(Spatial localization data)
*** Begin section ***

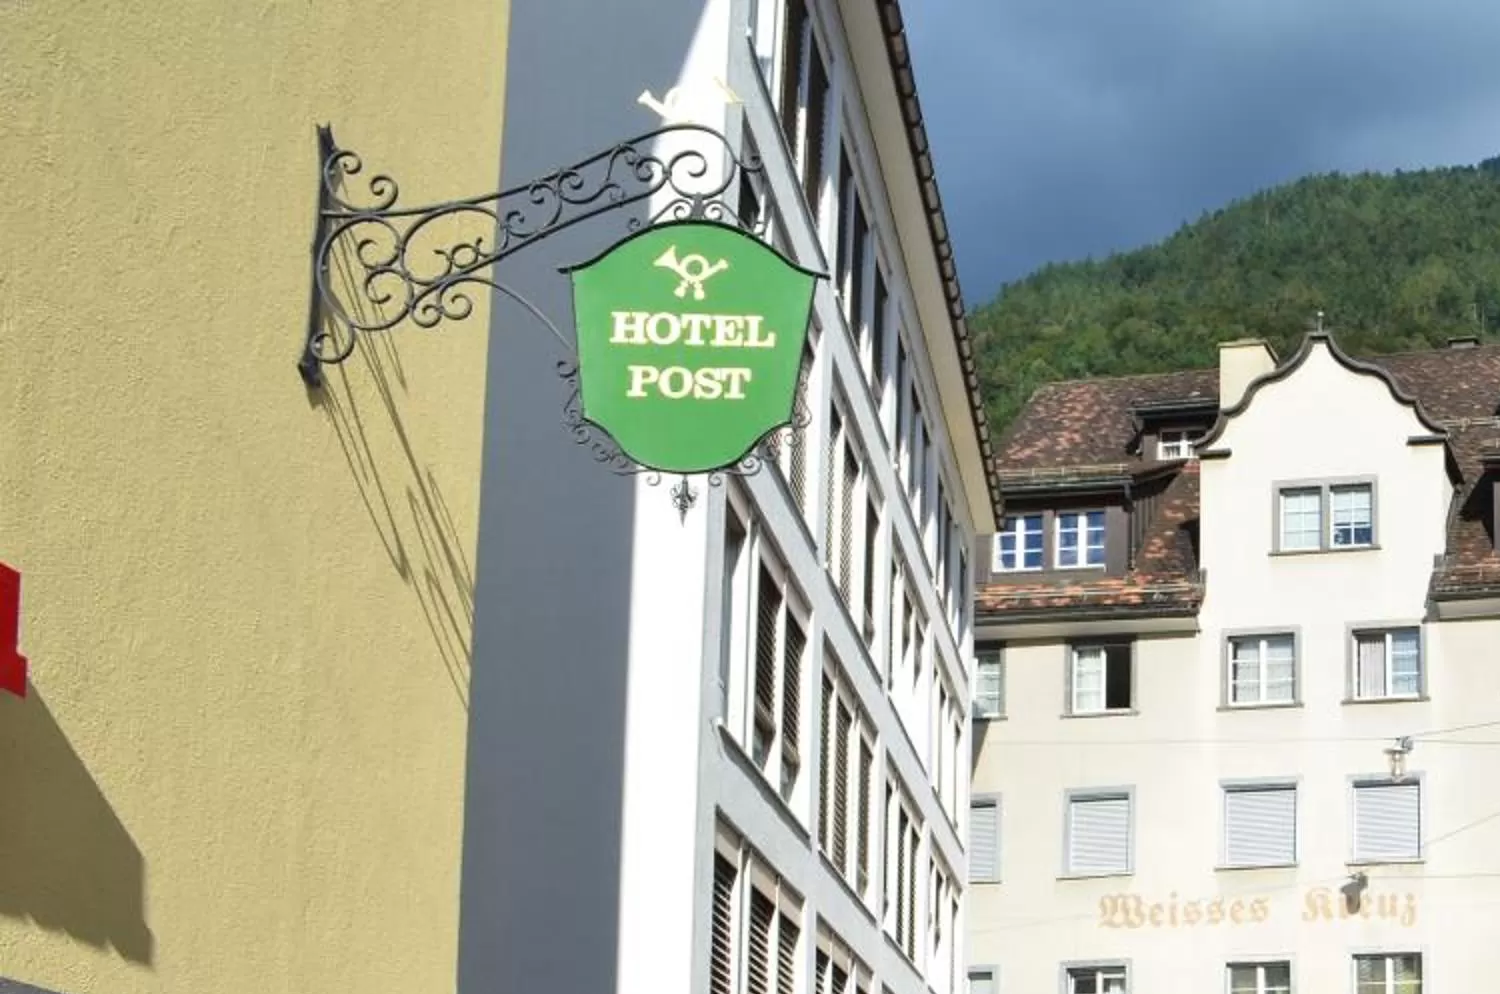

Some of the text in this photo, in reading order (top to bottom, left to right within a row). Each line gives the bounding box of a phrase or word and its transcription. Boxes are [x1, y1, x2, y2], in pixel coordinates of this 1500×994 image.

[609, 311, 776, 348] HOTEL
[626, 365, 752, 400] POST
[1096, 890, 1270, 929] Weisses
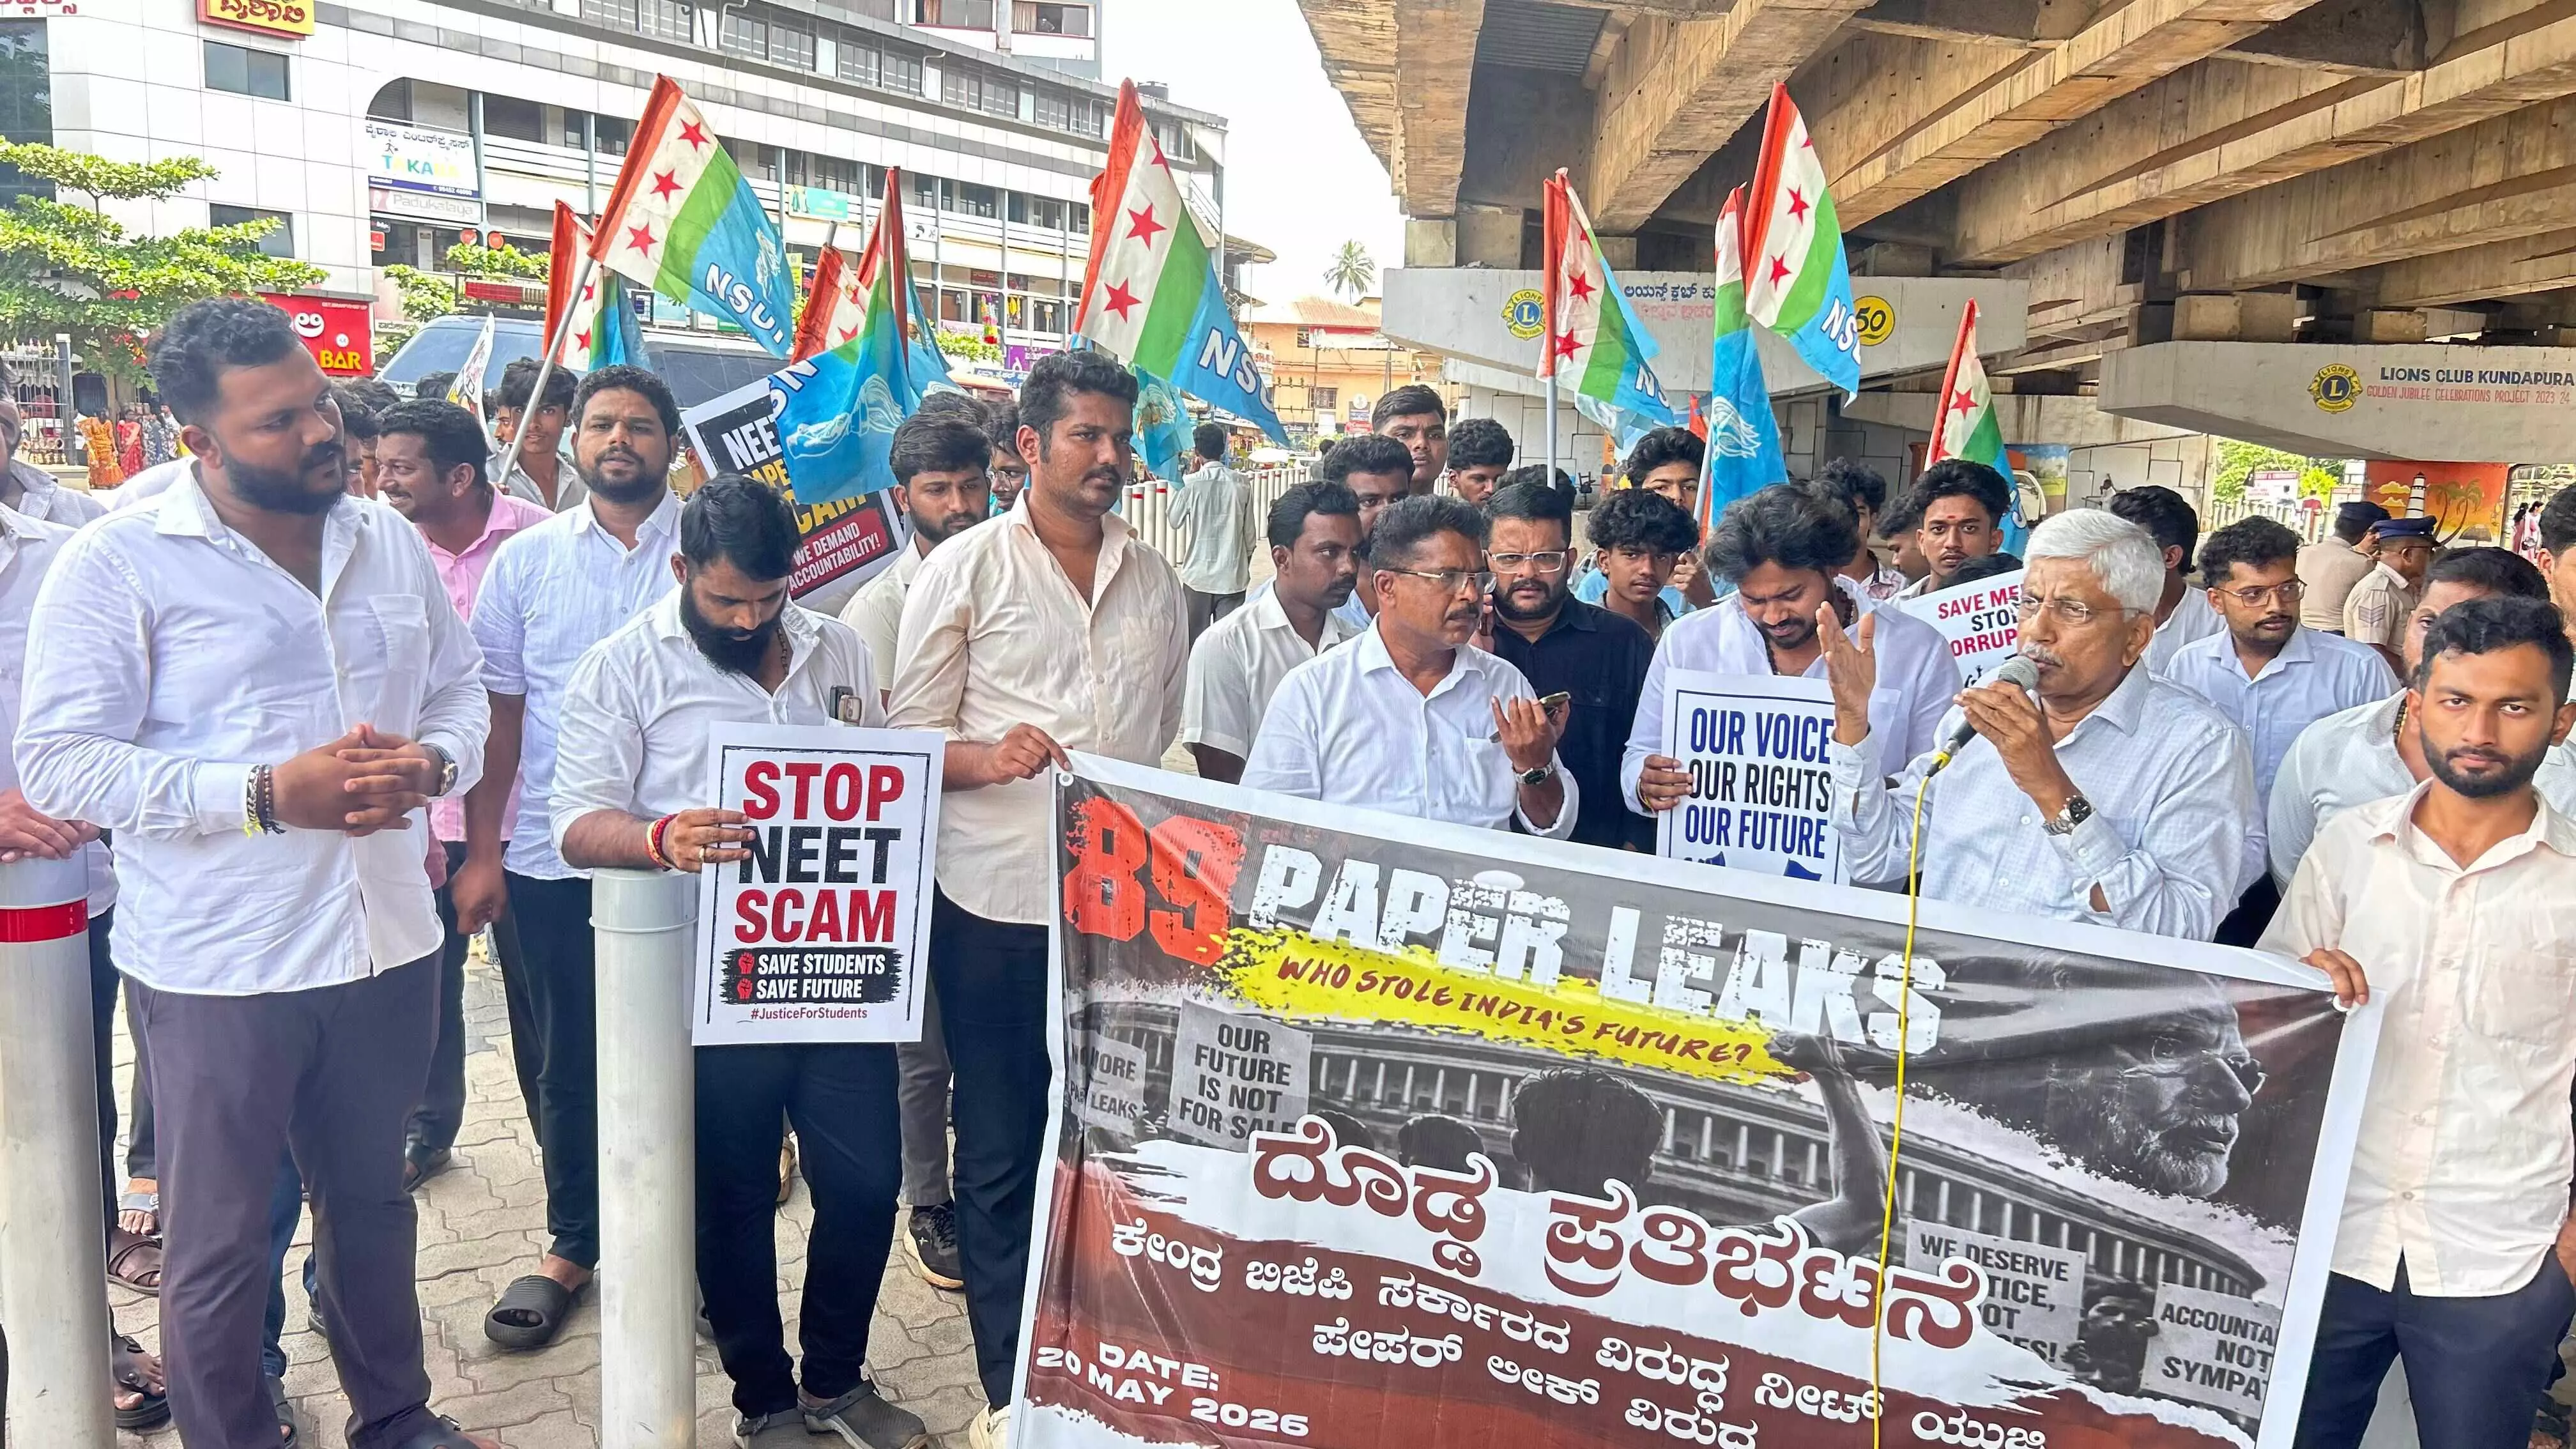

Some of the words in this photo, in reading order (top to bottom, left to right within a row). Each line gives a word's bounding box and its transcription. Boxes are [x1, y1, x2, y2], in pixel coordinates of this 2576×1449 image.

[393, 194, 473, 217] Padukalaya
[705, 263, 785, 346] NSUI
[1521, 304, 1535, 323] L
[1856, 307, 1886, 332] 50
[319, 349, 362, 371] BAR
[2321, 365, 2350, 375] LIONS
[2380, 366, 2430, 382] LIONS
[2435, 369, 2474, 383] CLUB
[2478, 371, 2575, 386] KUNDAPURA
[2329, 379, 2342, 397] L
[2366, 386, 2397, 399] GOLDEN
[2399, 387, 2431, 401] JUBILEE
[2435, 388, 2490, 402] CELEBRATIONS
[2495, 389, 2530, 403] PROJECT
[2535, 390, 2555, 404] 2023
[721, 415, 783, 470] NEE
[788, 532, 882, 592] ACCOUNTABILITY!
[793, 545, 813, 567] WE
[813, 522, 861, 557] DEMAND
[1938, 593, 1986, 620] SAVE
[1950, 628, 2018, 657] ORRUP
[1690, 707, 1745, 756] OUR
[1756, 712, 1834, 764] VOICE
[742, 760, 905, 822] STOP
[1688, 758, 1736, 802] OUR
[1744, 763, 1831, 813] RIGHTS
[1685, 804, 1731, 847] OUR
[1738, 809, 1828, 859] FUTURE
[739, 825, 902, 884] NEET
[734, 888, 898, 943] SCAM
[1063, 795, 1246, 967] 89
[1248, 843, 1571, 987] PAPER
[1598, 905, 1947, 1054] LEAKS
[757, 953, 799, 976] SAVE
[802, 953, 886, 976] STUDENTS
[755, 977, 798, 1000] SAVE
[802, 977, 862, 999] FUTURE
[1277, 954, 1351, 988] WHO
[1355, 969, 1453, 1007] STOLE
[1454, 992, 1586, 1035] INDIA'S
[1591, 1022, 1753, 1064] FUTURE?
[750, 1006, 868, 1021] #JusticeForStudents
[1218, 1023, 1271, 1054] OUR
[1194, 1043, 1292, 1086] FUTURE
[1091, 1092, 1138, 1119] LEAKS
[1179, 1096, 1223, 1133] FOR
[1198, 1073, 1221, 1101] IS
[1228, 1084, 1283, 1114] NOT
[1252, 1120, 1494, 1278] ದೊಡ್ಡ
[1544, 1182, 1981, 1350] ಪ್ರತಿಭಟನೆ
[1920, 1232, 1958, 1258] WE
[1965, 1243, 2069, 1282] DESERVE
[1988, 1274, 2056, 1312] TICE,
[1110, 1216, 1224, 1292] ಕೇಂದ್ರ
[1245, 1255, 1354, 1301] ಬಿಜೆಪಿ
[1377, 1271, 1572, 1355] ಸರ್ಕಾರದ
[1596, 1336, 1729, 1414] ವಿರುದ್ಧ
[1754, 1371, 1886, 1424] ನೀಟ್
[1979, 1303, 2021, 1330] OT
[2160, 1303, 2279, 1347] ACCOUNTA
[1098, 1341, 1221, 1392] DATE:
[1312, 1316, 1464, 1369] ಪೇಪರ್
[1487, 1354, 1601, 1407] ಲೀಕ್
[2215, 1338, 2274, 1374] NOT
[1036, 1346, 1082, 1377] 20
[1087, 1363, 1175, 1407] MAY
[1190, 1397, 1310, 1438] 2026
[2161, 1355, 2269, 1401] SYMPA

*** End section ***

What the task asks |
Please copy out each line above exactly as written, but not the pictures.

Solution for this problem |
Some of the text in this photo, in reading order (top to bottom, left to right within a row). Each line gives the bounding box of a phrase or word and its transcription. Boxes are [x1, y1, x2, y2], in pixel coordinates of this 1500×994 image.

[609, 311, 776, 348] HOTEL
[626, 365, 752, 400] POST
[1096, 890, 1270, 929] Weisses

Some of the words in this photo, in reading order (top to bottom, left to right within a row). Each line gives a word's bounding box and its transcription. Boxes are [x1, y1, x2, y2], in pixel coordinates of this 2576×1449 image.

[393, 194, 473, 217] Padukalaya
[705, 263, 785, 346] NSUI
[1521, 304, 1535, 323] L
[1856, 307, 1886, 332] 50
[319, 349, 362, 371] BAR
[2321, 365, 2350, 375] LIONS
[2380, 366, 2430, 382] LIONS
[2435, 369, 2474, 383] CLUB
[2478, 371, 2575, 386] KUNDAPURA
[2329, 379, 2342, 397] L
[2366, 386, 2397, 399] GOLDEN
[2399, 387, 2431, 401] JUBILEE
[2435, 388, 2490, 402] CELEBRATIONS
[2495, 389, 2530, 403] PROJECT
[2535, 390, 2555, 404] 2023
[721, 415, 783, 470] NEE
[788, 532, 882, 592] ACCOUNTABILITY!
[793, 545, 813, 567] WE
[813, 522, 861, 557] DEMAND
[1938, 593, 1986, 620] SAVE
[1950, 628, 2018, 657] ORRUP
[1690, 707, 1745, 756] OUR
[1756, 712, 1834, 764] VOICE
[742, 760, 905, 822] STOP
[1688, 758, 1736, 802] OUR
[1744, 763, 1831, 813] RIGHTS
[1685, 804, 1731, 847] OUR
[1738, 809, 1828, 859] FUTURE
[739, 825, 902, 884] NEET
[734, 888, 898, 943] SCAM
[1063, 795, 1246, 967] 89
[1248, 843, 1571, 987] PAPER
[1598, 905, 1947, 1054] LEAKS
[757, 953, 799, 976] SAVE
[802, 953, 886, 976] STUDENTS
[755, 977, 798, 1000] SAVE
[802, 977, 862, 999] FUTURE
[1277, 954, 1351, 988] WHO
[1355, 969, 1453, 1007] STOLE
[1454, 992, 1586, 1035] INDIA'S
[1591, 1022, 1753, 1064] FUTURE?
[750, 1006, 868, 1021] #JusticeForStudents
[1218, 1023, 1271, 1054] OUR
[1194, 1043, 1292, 1086] FUTURE
[1091, 1092, 1138, 1119] LEAKS
[1179, 1096, 1223, 1133] FOR
[1198, 1073, 1221, 1101] IS
[1228, 1084, 1283, 1114] NOT
[1252, 1120, 1494, 1278] ದೊಡ್ಡ
[1544, 1182, 1981, 1350] ಪ್ರತಿಭಟನೆ
[1920, 1232, 1958, 1258] WE
[1965, 1243, 2069, 1282] DESERVE
[1988, 1274, 2056, 1312] TICE,
[1110, 1216, 1224, 1292] ಕೇಂದ್ರ
[1245, 1255, 1354, 1301] ಬಿಜೆಪಿ
[1377, 1271, 1572, 1355] ಸರ್ಕಾರದ
[1596, 1336, 1729, 1414] ವಿರುದ್ಧ
[1754, 1371, 1886, 1424] ನೀಟ್
[1979, 1303, 2021, 1330] OT
[2160, 1303, 2279, 1347] ACCOUNTA
[1098, 1341, 1221, 1392] DATE:
[1312, 1316, 1464, 1369] ಪೇಪರ್
[1487, 1354, 1601, 1407] ಲೀಕ್
[2215, 1338, 2274, 1374] NOT
[1036, 1346, 1082, 1377] 20
[1087, 1363, 1175, 1407] MAY
[1190, 1397, 1310, 1438] 2026
[2161, 1355, 2269, 1401] SYMPA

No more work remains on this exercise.